Sem acordo contra secas, comunidades vão sofrer, avaliam especialistas
Países mais ricos não querem se comprometer com um acordo obrigatório e defendem adesão voluntária. Iniciativas paralelas lançadas na COP17 tentam lidar com o problema das secas.

Inacreditável. Frustrante. Sabor amargo. Essas foram algumas das palavras usadas por organizações ambientais, representantes da sociedade civil e outros especialistas para avaliar os resultados da 17ª Conferência das Nações Unidas de Combate à Desertificação (COP17), que terminou nesta sexta-feira (28) em Ulaanbaatar, capital da Mongólia.
A principal decepção foi o novo adiamento do acordo global para enfrentar as secas e os impactos que isso trará sobre as comunidades.

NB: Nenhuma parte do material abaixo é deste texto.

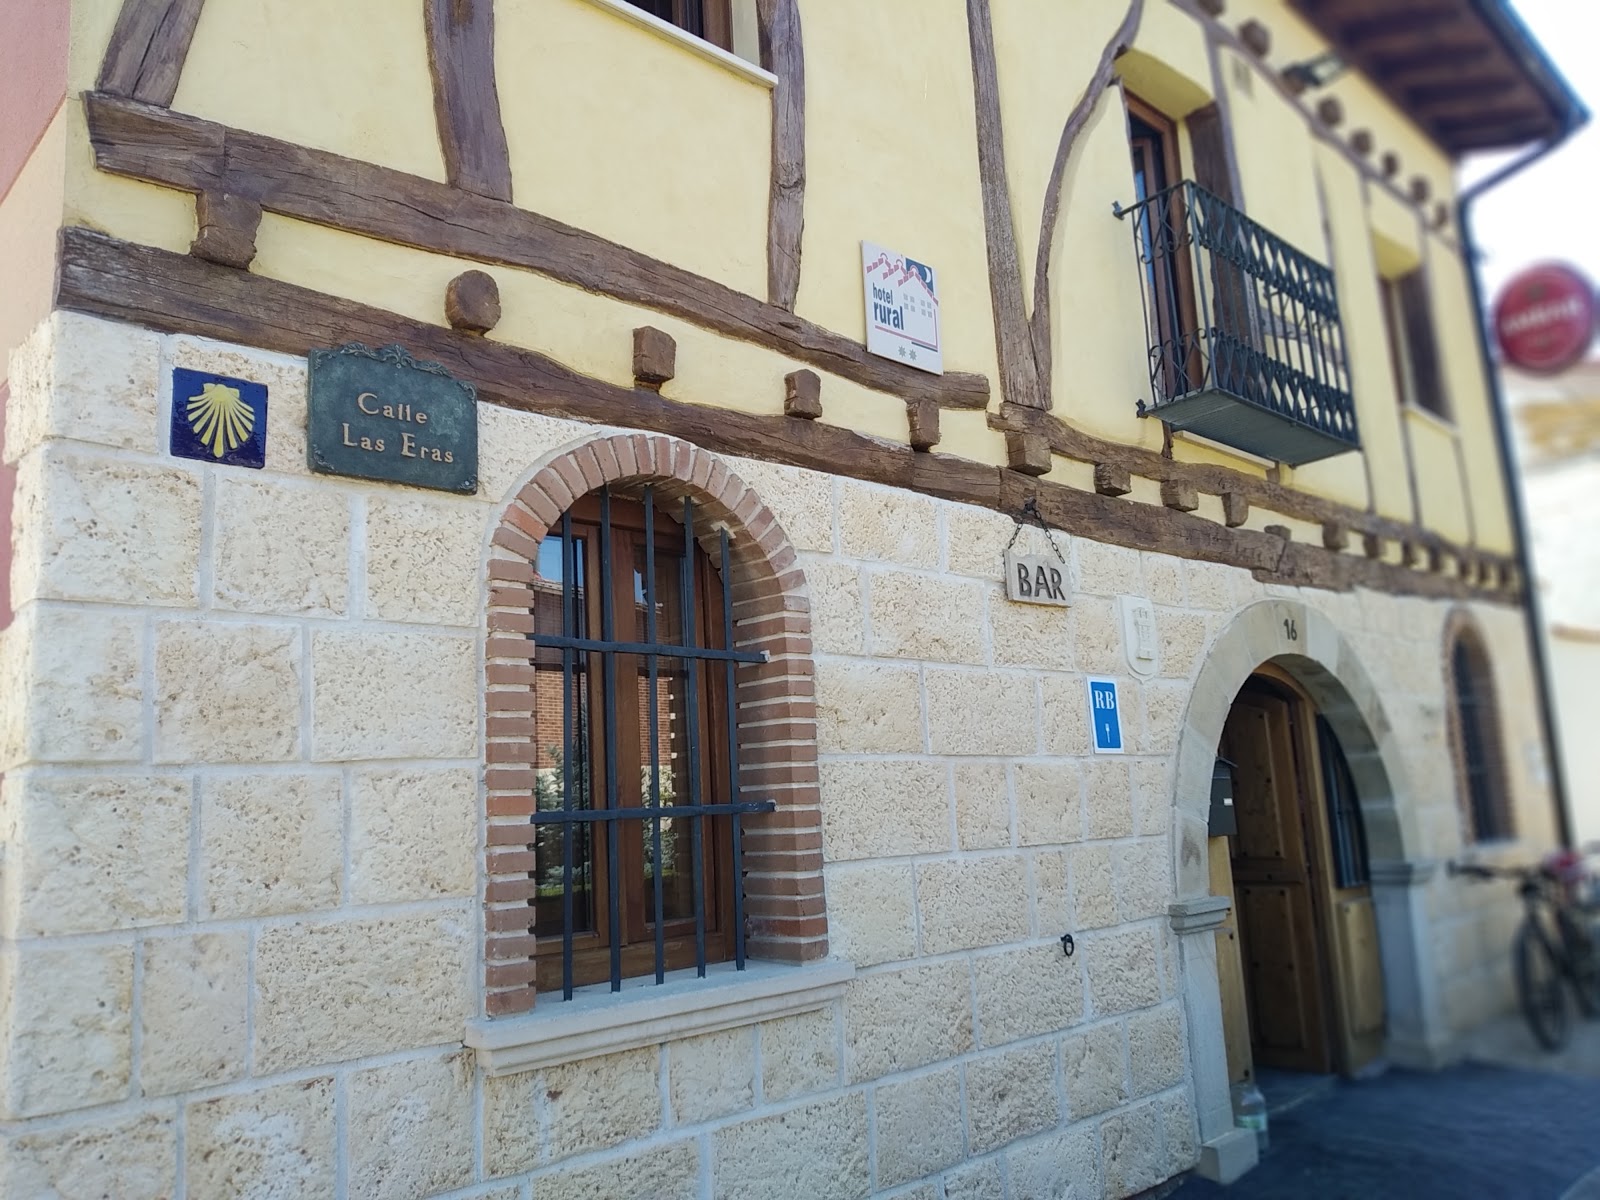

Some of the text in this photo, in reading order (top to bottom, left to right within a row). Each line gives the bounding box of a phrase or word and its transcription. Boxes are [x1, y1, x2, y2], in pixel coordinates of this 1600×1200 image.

[872, 282, 894, 306] hotel
[873, 301, 905, 331] rural
[357, 392, 428, 424] Calle
[342, 422, 454, 464] Las Eras
[1016, 562, 1066, 601] BAR
[1283, 618, 1298, 642] 16
[1093, 689, 1116, 710] RB
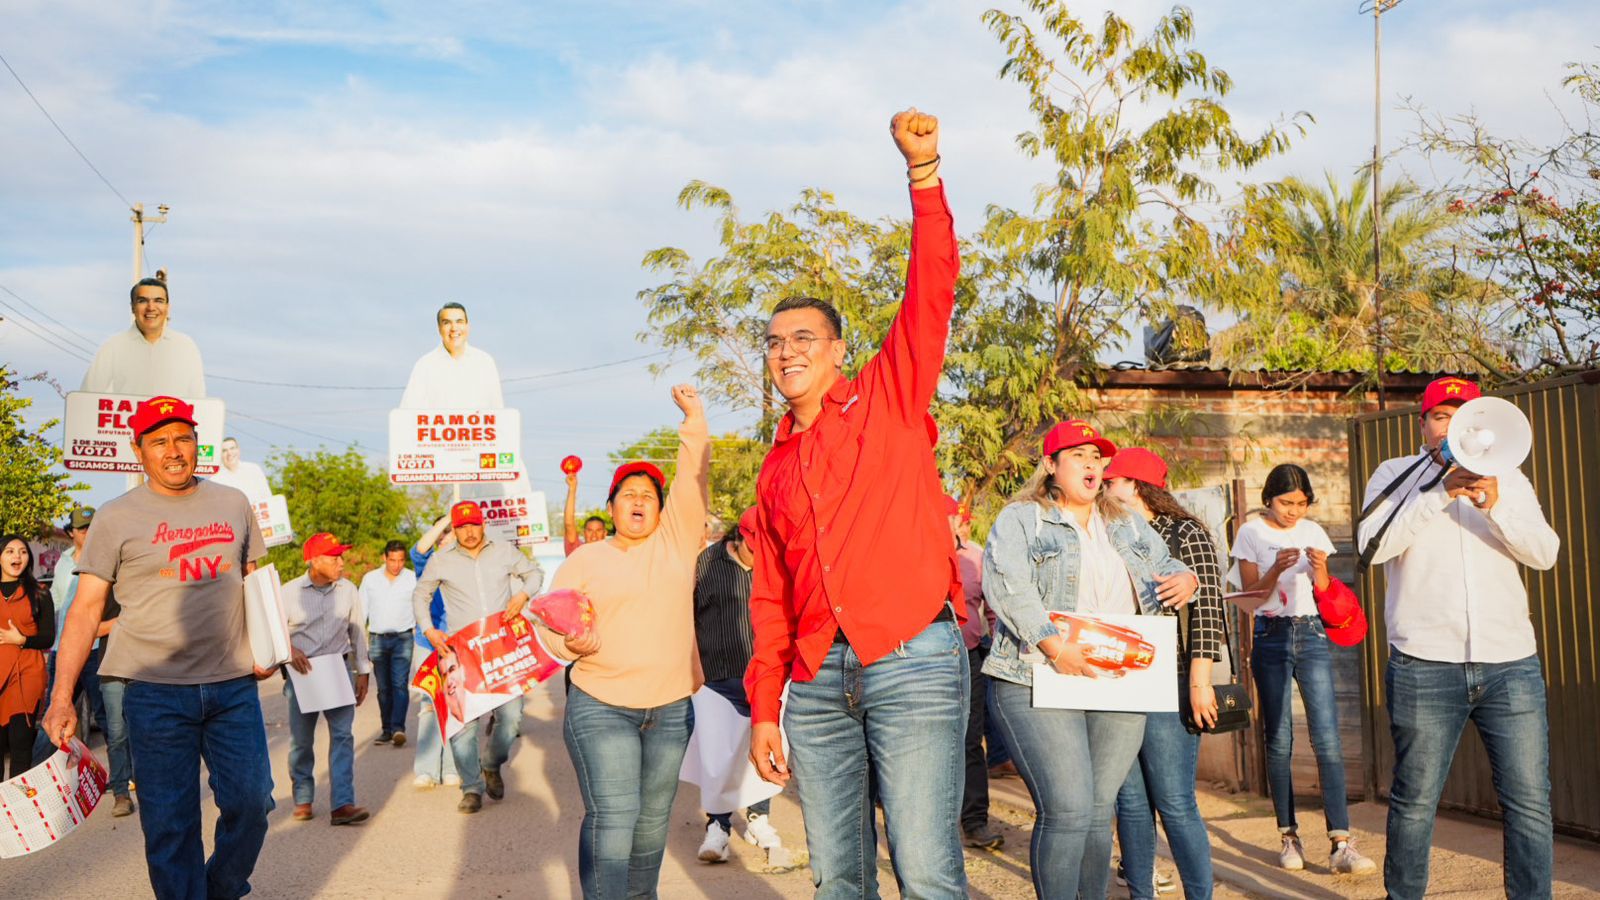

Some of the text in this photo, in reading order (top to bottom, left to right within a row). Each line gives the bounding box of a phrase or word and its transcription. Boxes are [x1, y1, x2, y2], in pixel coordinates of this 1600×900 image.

[417, 410, 495, 425] RAMÓN
[417, 427, 496, 441] FLORES
[92, 439, 117, 447] JUNIO
[75, 446, 113, 456] VOTA
[69, 461, 115, 470] SIGAMOS
[400, 460, 432, 469] VOTA
[396, 472, 516, 482] SIGAMOS HACIENDO HISTORIA
[485, 507, 528, 520] ORES
[179, 555, 223, 582] NY
[481, 645, 532, 674] RAMÓN
[485, 655, 538, 684] FLORES
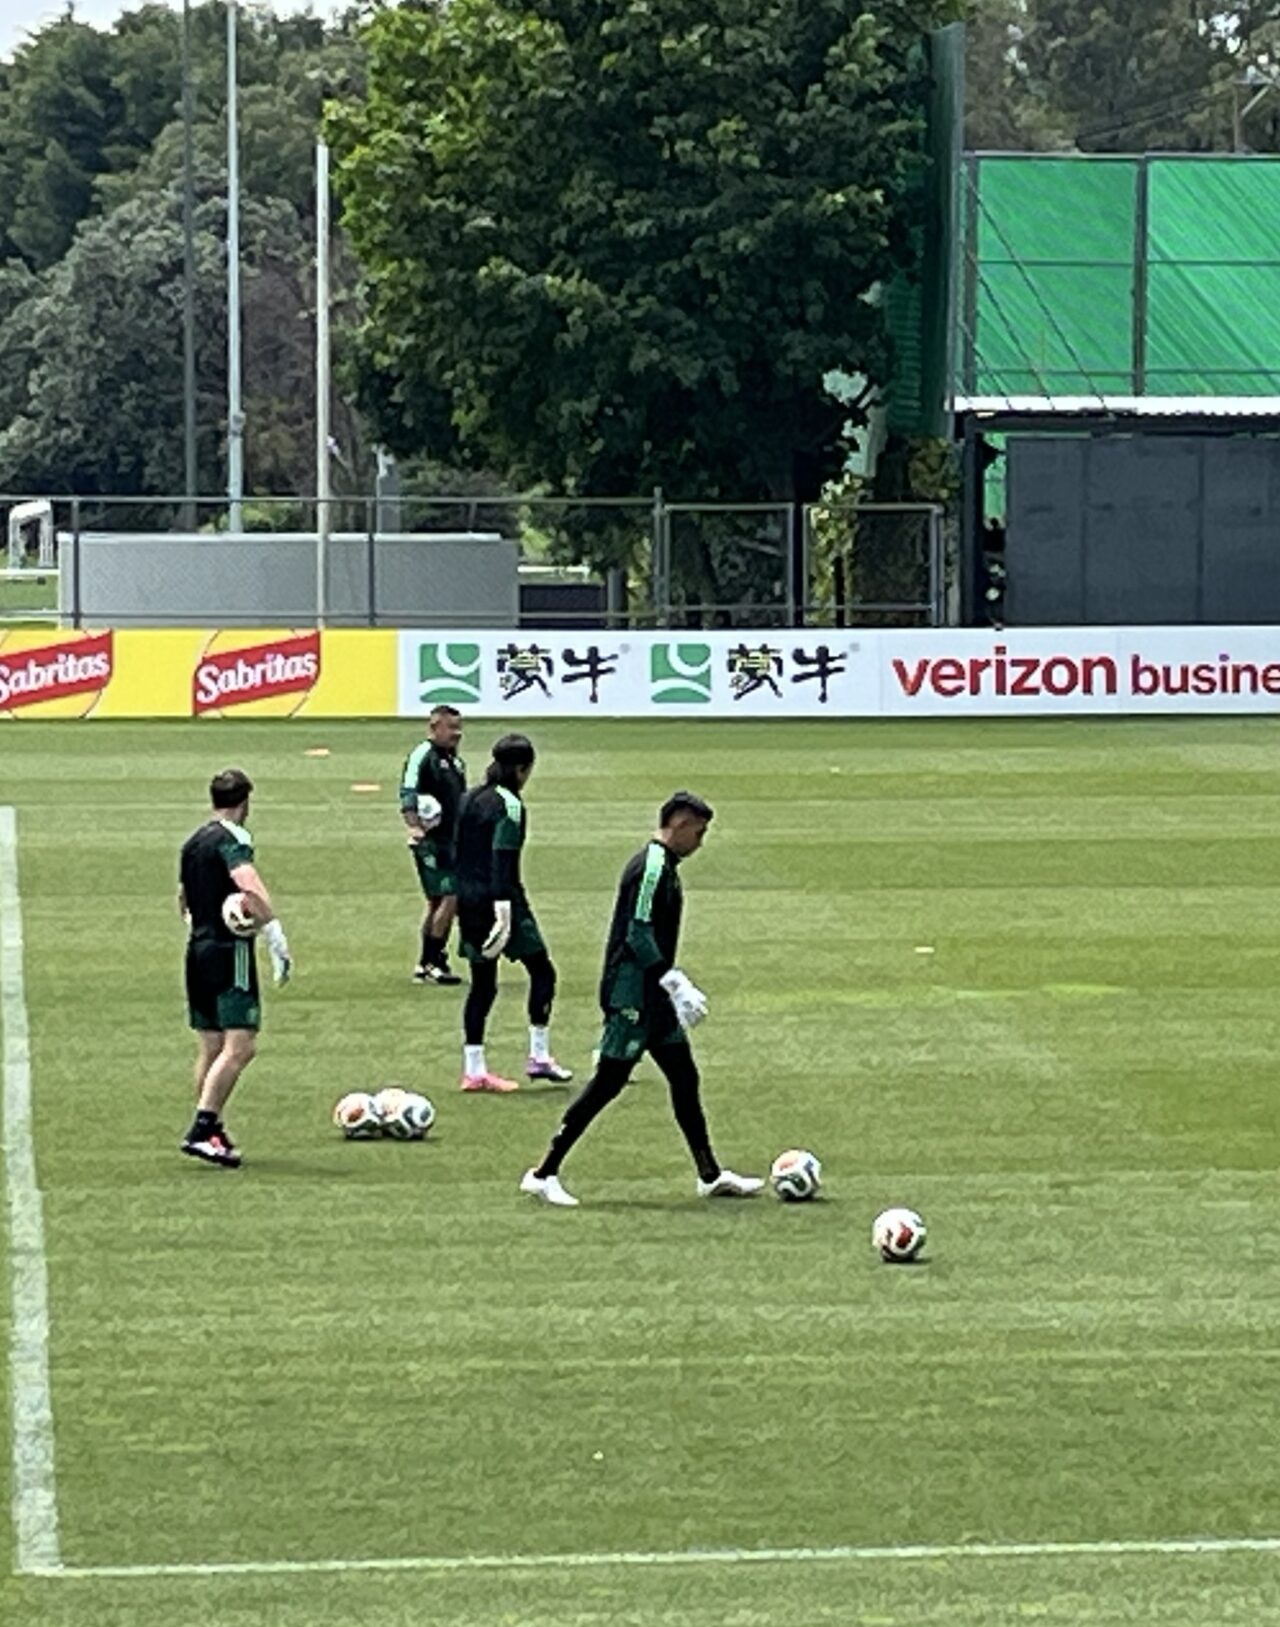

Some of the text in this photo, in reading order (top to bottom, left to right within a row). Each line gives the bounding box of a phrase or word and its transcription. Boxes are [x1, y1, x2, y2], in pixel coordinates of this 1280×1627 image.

O especialista do Instituto Escolhas, Rafael Giovanelli, disse que os governos falharam ao jogar para a COP18, no Egito, novas discussões sobre o problema.
"Isso deixa um sabor amargo, porque a COP termina sem decisões substanciais para lidar com as secas", disse.
O representante da organização Wetlands Internacional, Richard Lee, disse que a falta de consenso acontece justamente quando o número de desastres pelo mundo não para de crescer.
"É inacreditável. Neste ano, a Europa sofre com uma seca histórica e os níveis de água caíram a patamares recordes no Rio Colorado, nos Estados Unidos. O chamado Super El Niño traz riscos de secas devastadoras do Sul da África até a Amazônia", avalia Richard.
"Nós acreditávamos que esse cenário forçaria os governos de todo o mundo a agir. Estávamos errados. Adiar a decisão sobre as secas em mais dois anos custará mais do que tempo: comunidades e economias em todo o mundo vão pagar o preço", complementa.
A especialista em políticas de água da WWF Global, Christine Colvin, aposta na ação conjunta de alguns governos, sociedade civil e instituições financeiras para que o combate às secas tenha algum progresso. Porém, destaca que iniciativas isoladas não são o suficiente.
"É profundamente frustrante que a ambição sobre a seca tenha se esvaziado na COP17. Não foi entregue um resultado significativo e não temos uma base forte para que possamos construir ações", avalia Christine.
Acordo global sobre secas
A proposta de criar um mecanismo multilateral para enfrentar de forma coordenada as secas é defendida por africanos há, pelo menos, três conferências. Historicamente, o continente é um dos mais afetados pelo problema.
Isso demandaria ajuda financeira para os países mais vulneráveis serem capazes de se antecipar e se recuperar dos eventos extremos. Eles entendem que instrumentos internacionais, como o Fundo Global para o Meio Ambiente (GEF, na sigla em inglês), são estruturados sob o tema de degradação das terras, algo mais amplo do que a seca.
Os países mais ricos, porém, não querem se comprometer com um acordo obrigatório e defendem adesão voluntária. A União Europeia não quer se comprometer com gastos externos, principalmente quando precisa enfrentar crises recentes de seca no próprio território.
Iniciativas paralelas
Iniciativas paralelas lançadas durante a COP17 tentam lidar com o problema das secas. É o caso do Mecanismo de Investimento para Resiliência à Seca (DRIF), a primeira plataforma global de financiamento dedicada exclusivamente ao tema.
Criada pela UNCCD e por Luxemburgo, com apoio da Aliança Internacional para a Resiliência à Seca (IDRA), a iniciativa pretende mobilizar até US$ 400 milhões em recursos públicos e privados.
Os investimentos deverão ser direcionados para segurança hídrica, agricultura sustentável, soluções baseadas na natureza e recuperação de terras.
Outra novidade foi a segunda fase do Observatório Internacional de Resiliência à Seca (IDRO), que apresentou o primeiro Índice de Resiliência à Seca (DRI). A ferramenta pretende ajudar os países a avaliar sua capacidade de antecipar, se preparar e se adaptar aos períodos de escassez de água.